Over a mid-sized boulder that seemed awkwardly misplaced, she sat. A touch of freshly wiped tears marking her stretched cheeks, and the disheveled madness of her dry, untied hairs spread all around her back. Someone screamed from the nearest shack─perhaps a drunk father! Heroine screamed back, burst into tears and ran across only to sit over another boulder that seemed to appear out of nowhere. From that distance, Shastri-ji saw her lips move in anger before her hands produced something─a piece of crumpled paper and two pencils. One of which she stuck in her hairs and with the other she lost herself in the wrinkled world of that little piece of paper that she seemed to treasure. Shastri-ji waited, watched. Minutes passed, perhaps hours. Around Heroine, screams died down and the ghetto moved at it’s own pace. All that changed in her was that smile─that honest tint of joy that only blesses a new born. With her pencil carefully traversing the crumpled paper and creating on it a world only she knew of, perhaps the troubles of her little, worthless life pulled out. A few other girls gathered round her, all of the same age. They tried to peek, they giggled, Heroine laughed, perhaps Shastri-ji saw a tint of shyness.
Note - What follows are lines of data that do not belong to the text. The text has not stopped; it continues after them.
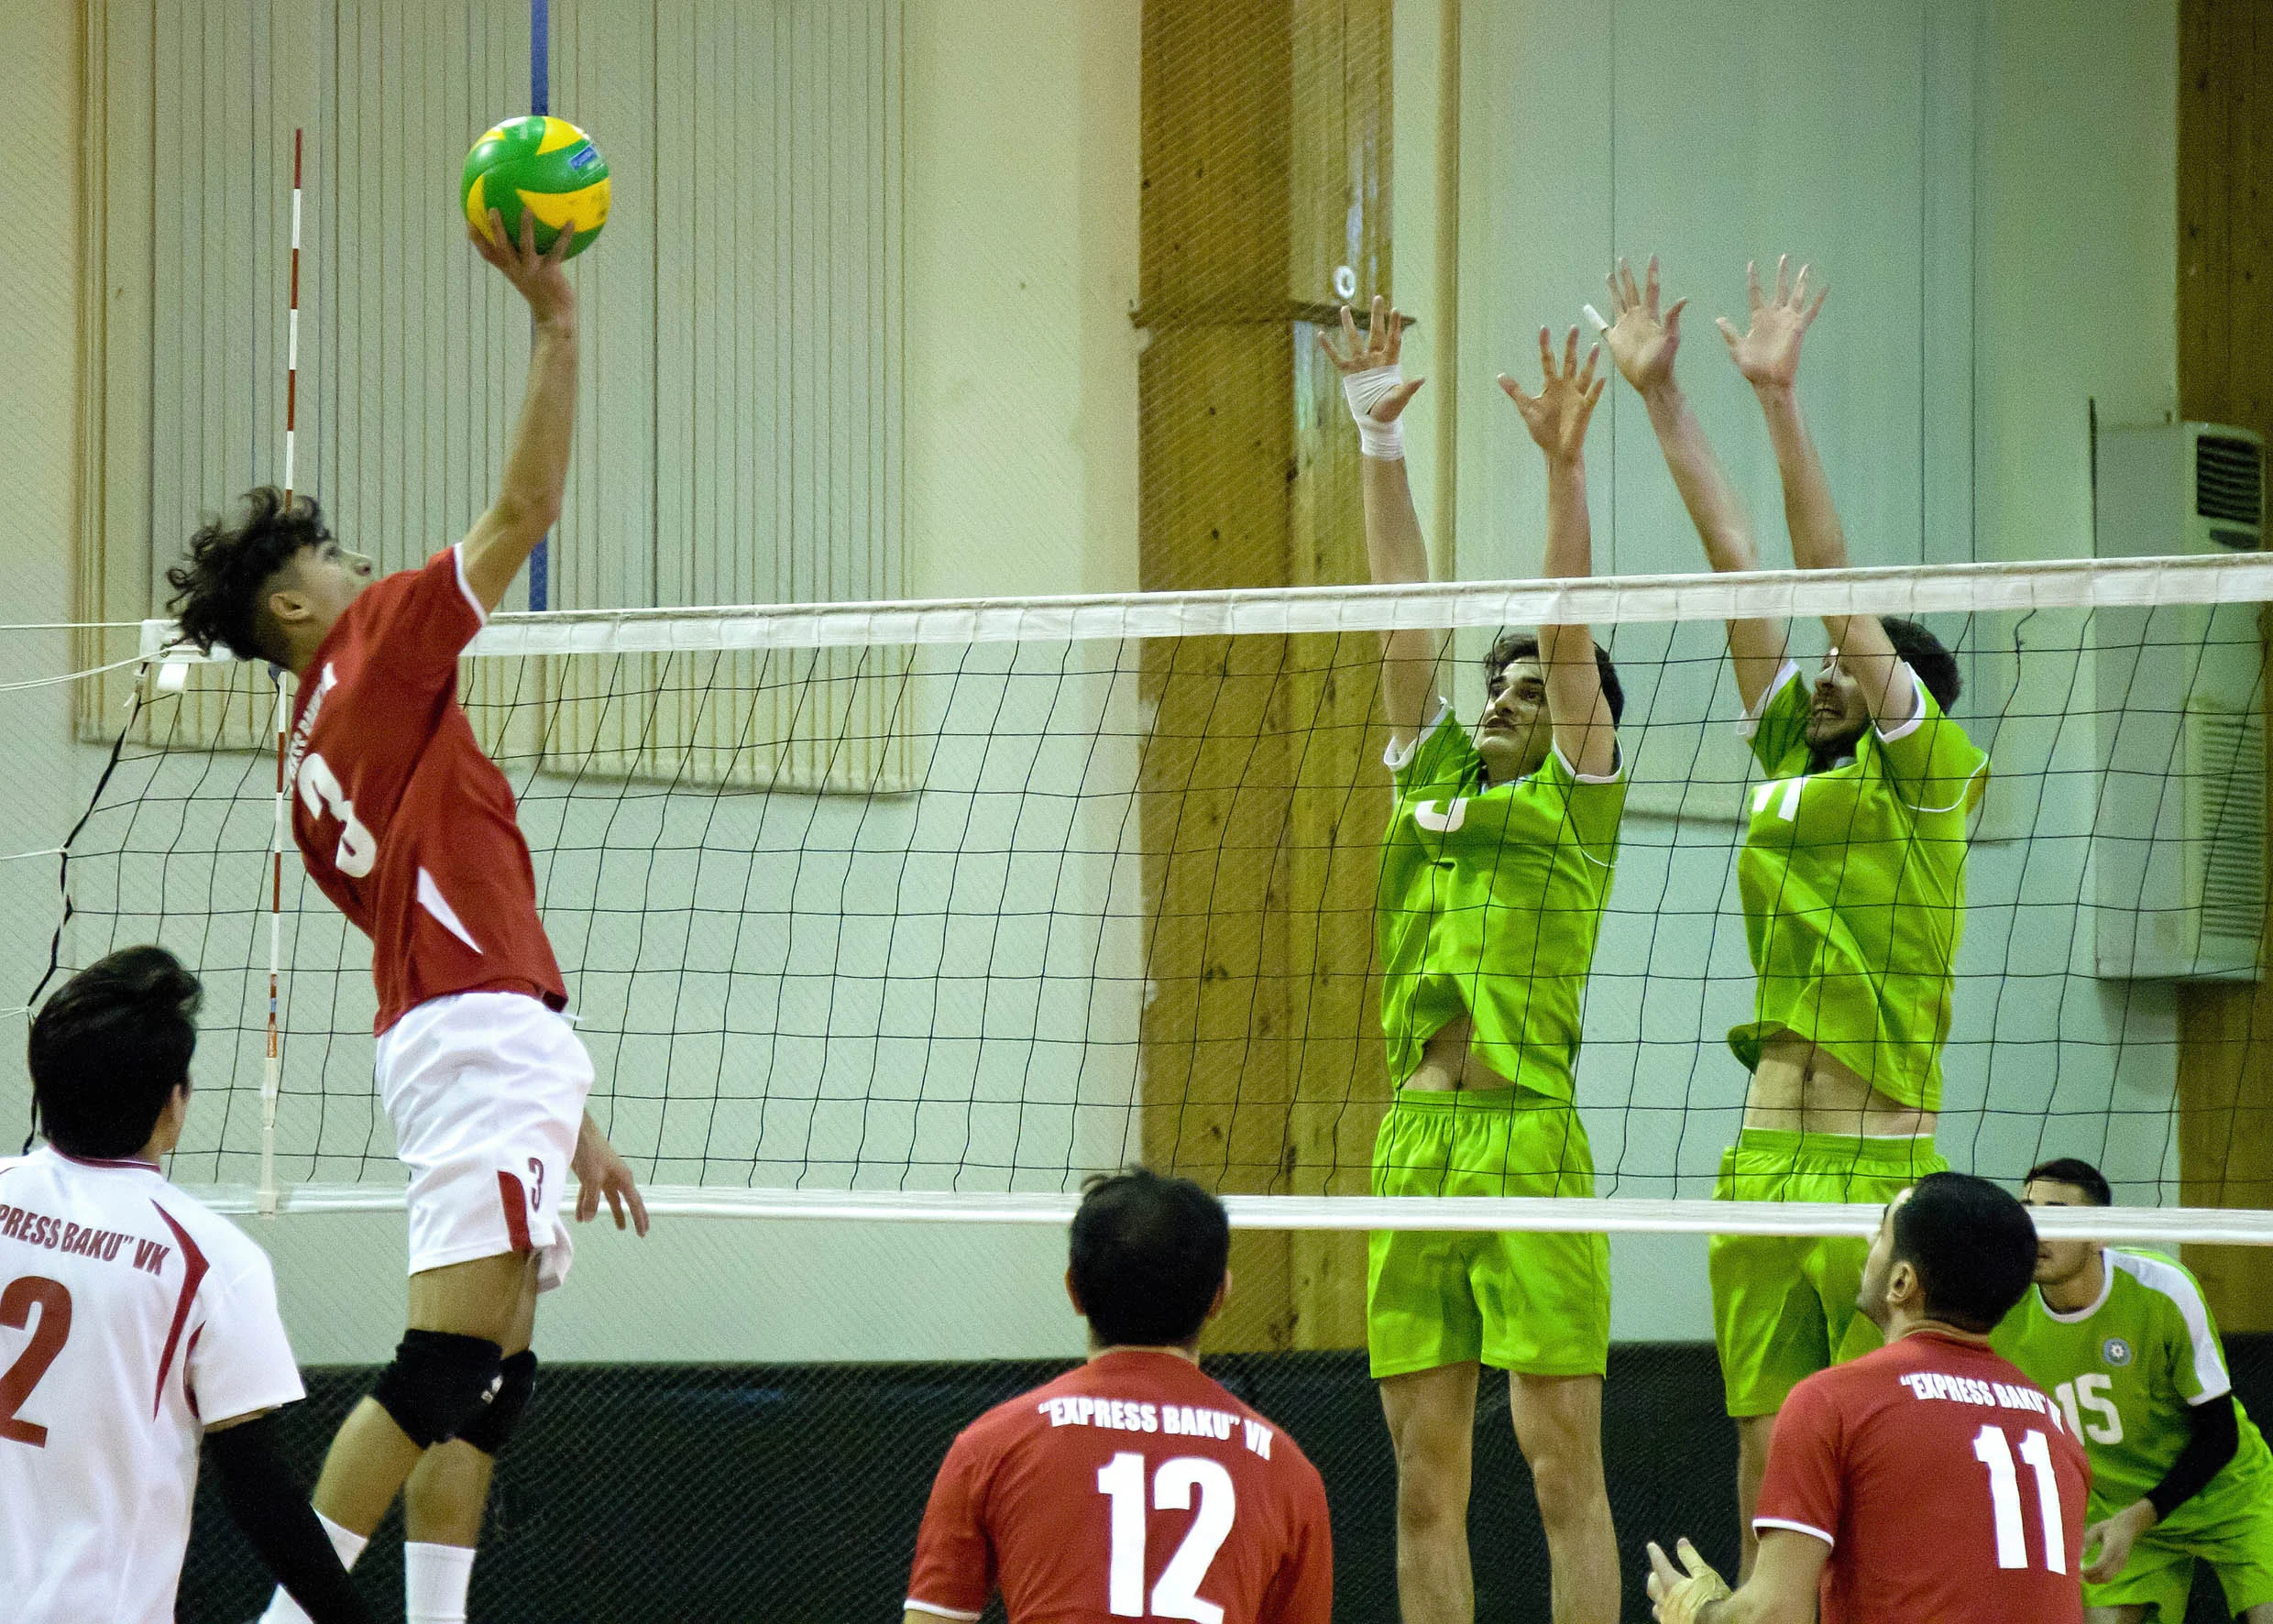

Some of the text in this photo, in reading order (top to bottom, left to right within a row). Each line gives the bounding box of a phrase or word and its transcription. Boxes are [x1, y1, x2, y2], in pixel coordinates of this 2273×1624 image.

[297, 752, 377, 878] 3
[528, 1158, 544, 1213] 3
[133, 1239, 170, 1276] VK
[0, 1276, 72, 1448] 2
[2055, 1374, 2124, 1446] 15
[1243, 1420, 1273, 1461] VK
[1097, 1452, 1236, 1624] 12
[1973, 1424, 2067, 1575] 11
Another moment and she was the same Heroine, lost in a world of her own with nothing to bother her. Shastri-ji looked at his watch.
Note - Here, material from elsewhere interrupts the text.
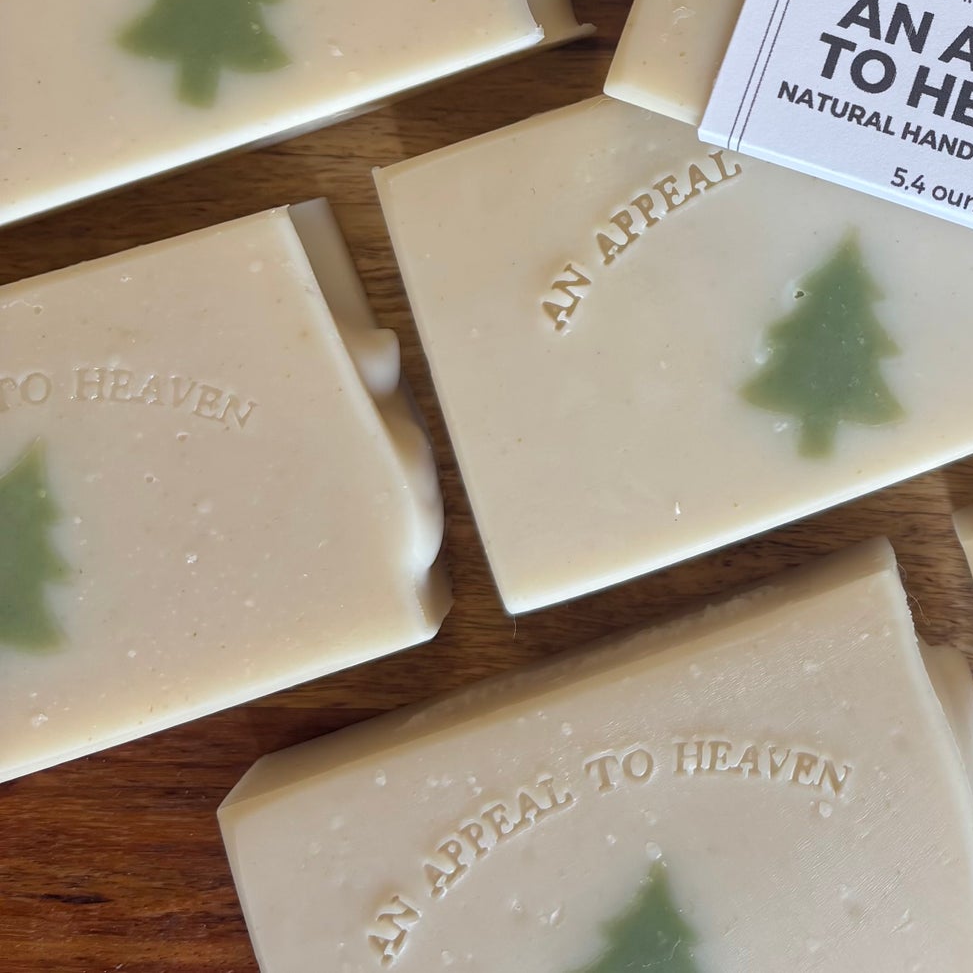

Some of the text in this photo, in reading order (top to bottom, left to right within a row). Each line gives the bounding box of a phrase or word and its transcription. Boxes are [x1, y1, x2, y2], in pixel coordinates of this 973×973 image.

Only a few minutes─and a careless girl morphed in front of his old eyes into a melancholy woman, into an angry recluse, into a frail human being, and back again to what he had always known her to be.
Shastri-ji walked away, wondering, thinking if the world could really be broken down in such narrow segments as he believed from time immemorial. Perhaps not, perhaps what he saw was only a garment clothed around the true spirit of life; of which a spirit had no ends. The hidden truth, perhaps it was always to be; only to be seen when he walked down the narrow, dirty lanes of secret lives. Perhaps the truth was that girl with a pencil stuck in her dry hairs, not that careless maid who didn’t do justice to her job. Yes, that was it! Shastri-ji knew, and then he never judged. And he started to smile. So much that for a few days, gatekeeper Chandu Pandey from Chhapra thought that our dear old Shastri-ji has been diagnosed of some cancer that often befalls our favorite heroes from Hindi blockbusters and after which they start to spread all the love and happiness around, make young women cry and want to marry their posters. Well, Chandu Pandey never got to know the reason, but Shastri-ji still smiles. His wife is not Hitler any more. Subbarao has ceased to be a swine.
Secretly, Mrs. Chandni is still a Chhamak-Challo.
Heroine is still a heroine for him. She would always be the girl who taught him not to judge. She would always be the girl with a pencil stuck in her dry hairs.